Authors: Melissa Landers
Just half a fuel chip bought him three pairs of pants, several pullover shirts, a parcel of socks and shorts, and a knapsack to carry it all in. A bargain, he learned, because Spaulding Fuel cost twice as much on this planet than on Obsidian. Despite the sudden increase in his currency’s value, Doran frowned as he walked away. He couldn’t see any reason for the steep markup. Fuel cost more to transport to remote planets, but not
that
much more.
He found his friends playing carnival games in a field behind the town hall. Kane held a rifle stock in the bend of his shoulder and fired lasers at moving holographic targets in the air. Judging by Cassia’s laughter, he hadn’t landed a shot yet.
“It’s busted or something,” Kane muttered, scrutinizing the rifle’s eyepiece.
“If by ‘it,’ you mean your head,” Cassia said, “then I agree.”
The carny running the booth, a stout man with a barbell piercing in his lower lip and the words
BORN TO KILL
tattooed across his neck, slapped a palm on the counter and growled, “Ain’t nothing wrong with my equipment. Let the lady try.”
Kane made a show of glancing around the field. “Lady? I don’t see a lady here.”
“You scatweed,” Cassia said, snatching the rifle. She jabbed him in the belly with it, then raised the weapon smoothly toward the targets and fired. In response, a bubble exploded into a twinkling shower of fireworks. “See?” she announced, and shoved the gun back at him. “The only thing that’s busted is your aim.”

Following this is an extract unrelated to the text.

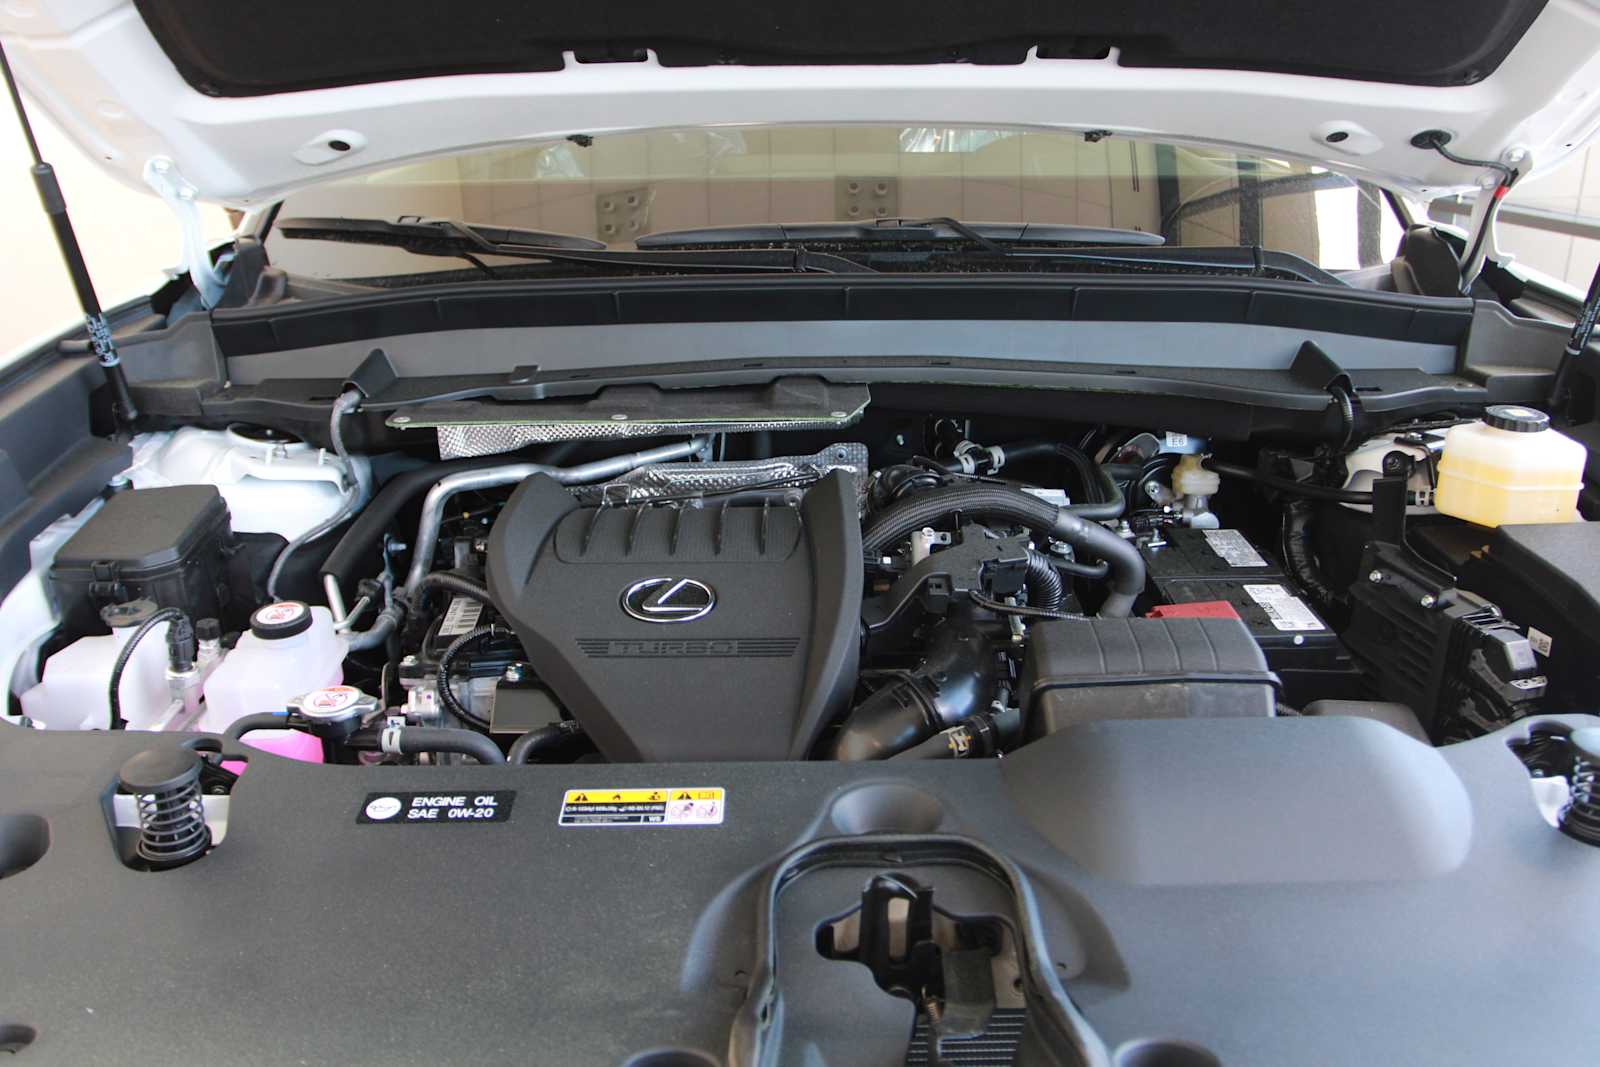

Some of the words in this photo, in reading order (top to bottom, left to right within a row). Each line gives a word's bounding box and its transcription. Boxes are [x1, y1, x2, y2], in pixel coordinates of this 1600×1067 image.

“You two are such easy marks,” Solara said, burying her hand in a bag of roasted nuts. “The rifle’s laser isn’t calibrated to match the targets.” She pointed a nut at the carny before tossing it into her mouth. “He’s triggering the hits with a foot pedal. It’s the oldest trick in the book.”
The carny gave her a glare that would melt steel. “Are you accusing me of thievery?”
Solara shrugged. “Everyone knows these games are rigged.”
“Rigged?” asked a new voice from behind.
When Doran spun around, his gaze landed on the hardest-looking woman he’d ever seen—not so much unattractive as lethal. He caught himself drawing back. At six feet tall and about thirty years old, she had a striking face with regal cheekbones and an ice-cold smile that would send any lucid man running for his life in the opposite direction.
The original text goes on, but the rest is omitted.